What to do:
Restate the records word for word. Include no pictures.

= = = =

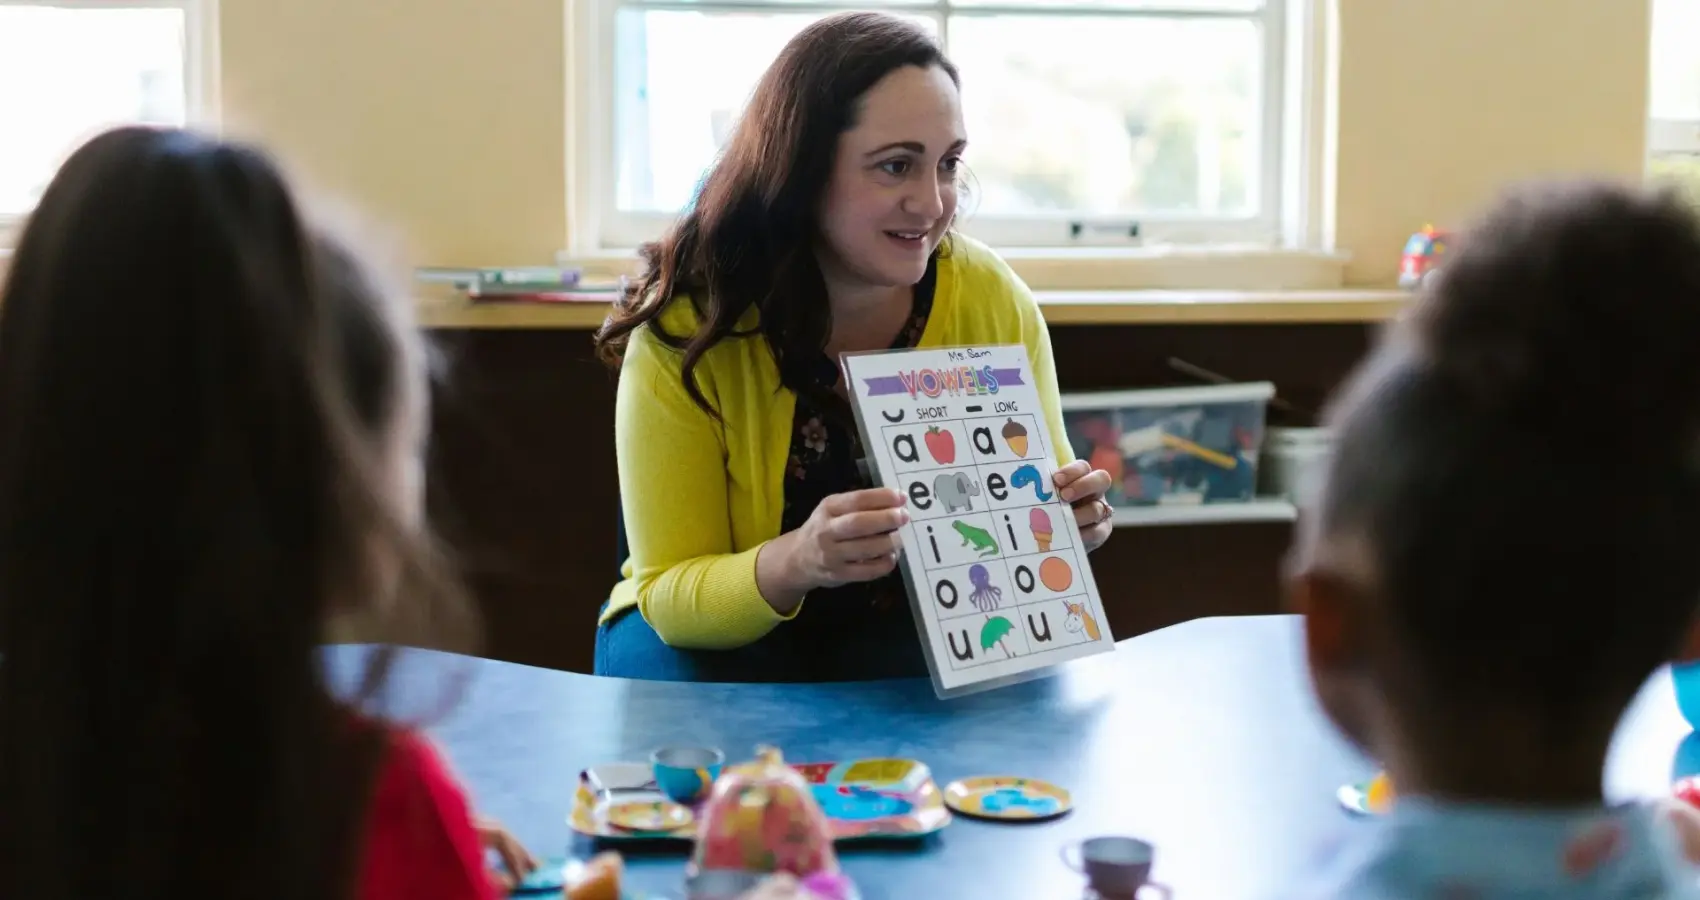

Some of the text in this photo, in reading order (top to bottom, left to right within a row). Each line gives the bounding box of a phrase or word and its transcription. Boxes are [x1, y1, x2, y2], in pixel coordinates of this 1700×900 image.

[948, 349, 992, 362] Ms. Sam
[898, 365, 1000, 399] VOWELS
[916, 406, 949, 420] SHORT
[994, 401, 1018, 413] LONG
[893, 434, 920, 463] a
[972, 427, 997, 455] a
[908, 481, 932, 510] e
[986, 472, 1008, 501] e
[926, 525, 941, 563] i
[1003, 514, 1018, 551] i
[1015, 565, 1035, 593] o
[936, 579, 958, 609] o
[1028, 611, 1052, 642] u
[948, 629, 974, 661] u
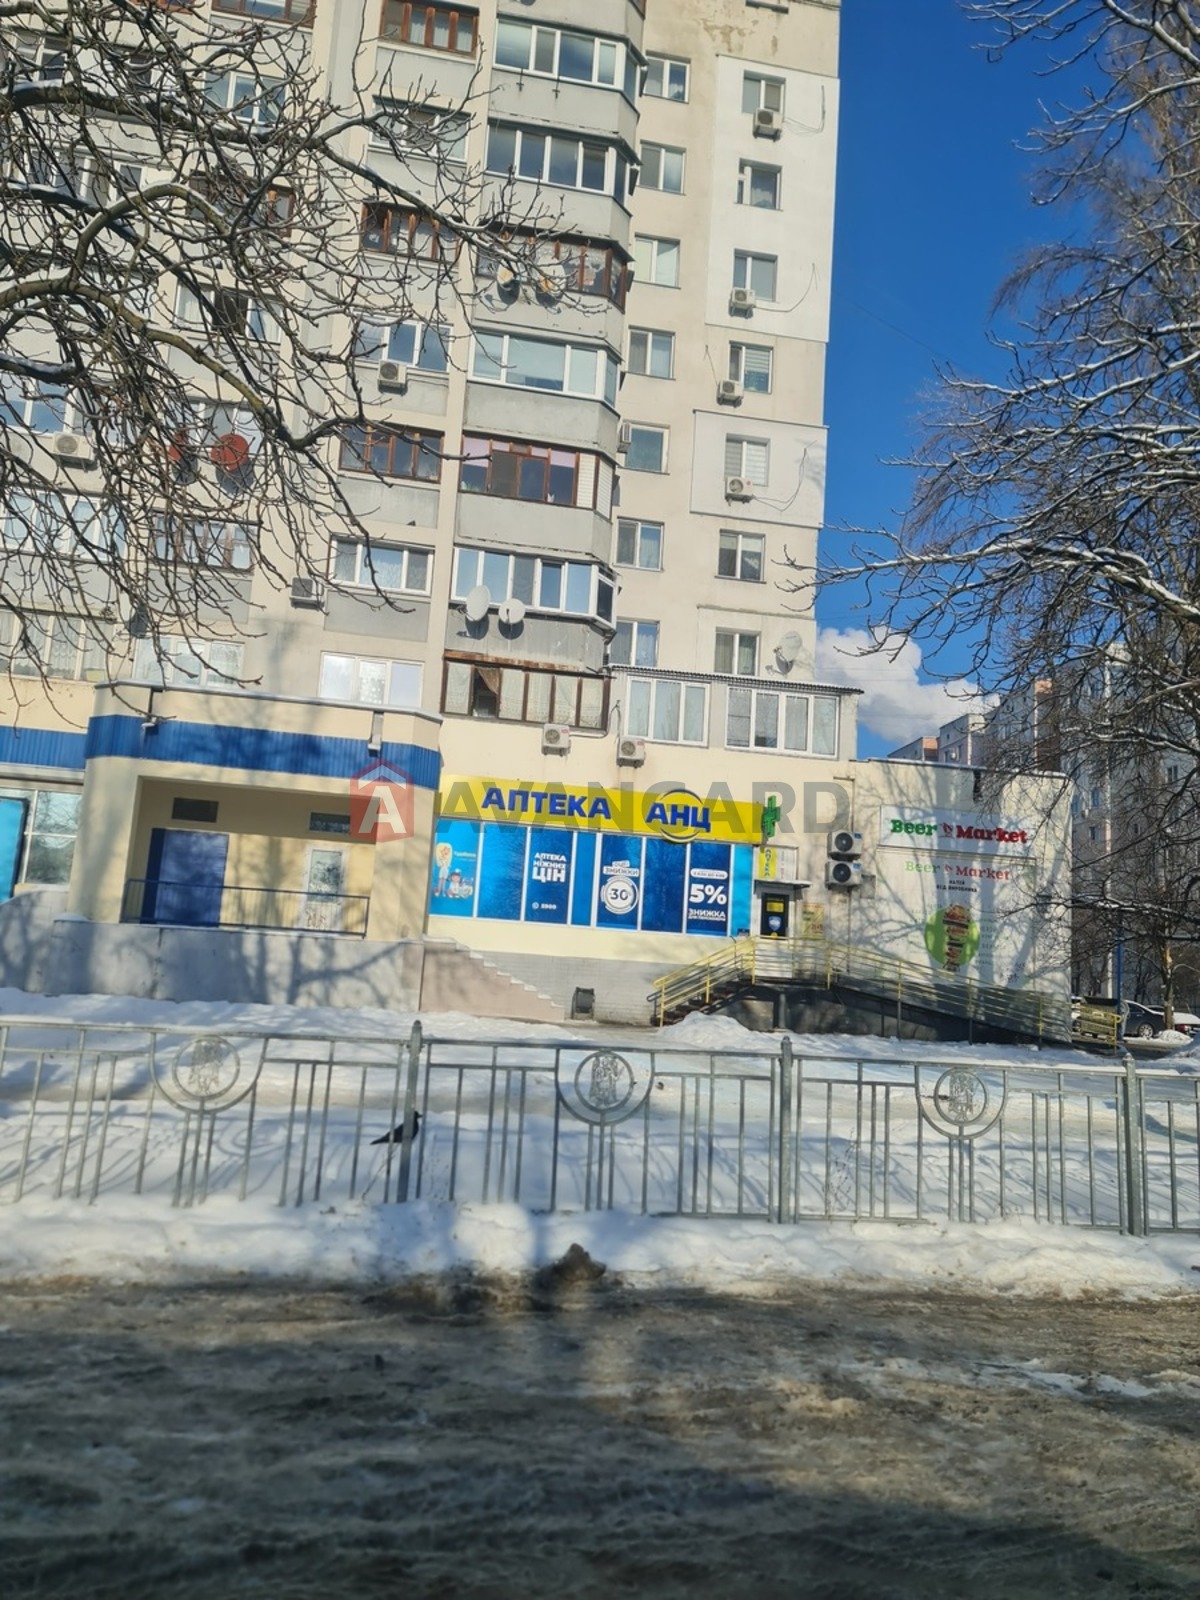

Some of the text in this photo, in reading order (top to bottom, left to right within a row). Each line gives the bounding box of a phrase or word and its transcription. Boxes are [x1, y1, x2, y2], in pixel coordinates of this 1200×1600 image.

= = = =

Answer to this problem:
Some of the text in this photo, in reading order (top to bottom, left to right within a row). Each line gives the bounding box of a phrase or word and its transcription. Boxes are [x1, y1, x2, y2], in pixel coordinates of this 1700×900 image.

[948, 349, 992, 362] Ms. Sam
[898, 365, 1000, 399] VOWELS
[916, 406, 949, 420] SHORT
[994, 401, 1018, 413] LONG
[893, 434, 920, 463] a
[972, 427, 997, 455] a
[908, 481, 932, 510] e
[986, 472, 1008, 501] e
[926, 525, 941, 563] i
[1003, 514, 1018, 551] i
[1015, 565, 1035, 593] o
[936, 579, 958, 609] o
[1028, 611, 1052, 642] u
[948, 629, 974, 661] u

Some of the text in this photo, in reading order (top to bottom, left to right within a row). Each line gives the bounding box of a phrase or word and its transcription. Boxes are [x1, y1, x2, y2], in pixel coordinates of this 1200×1600 image.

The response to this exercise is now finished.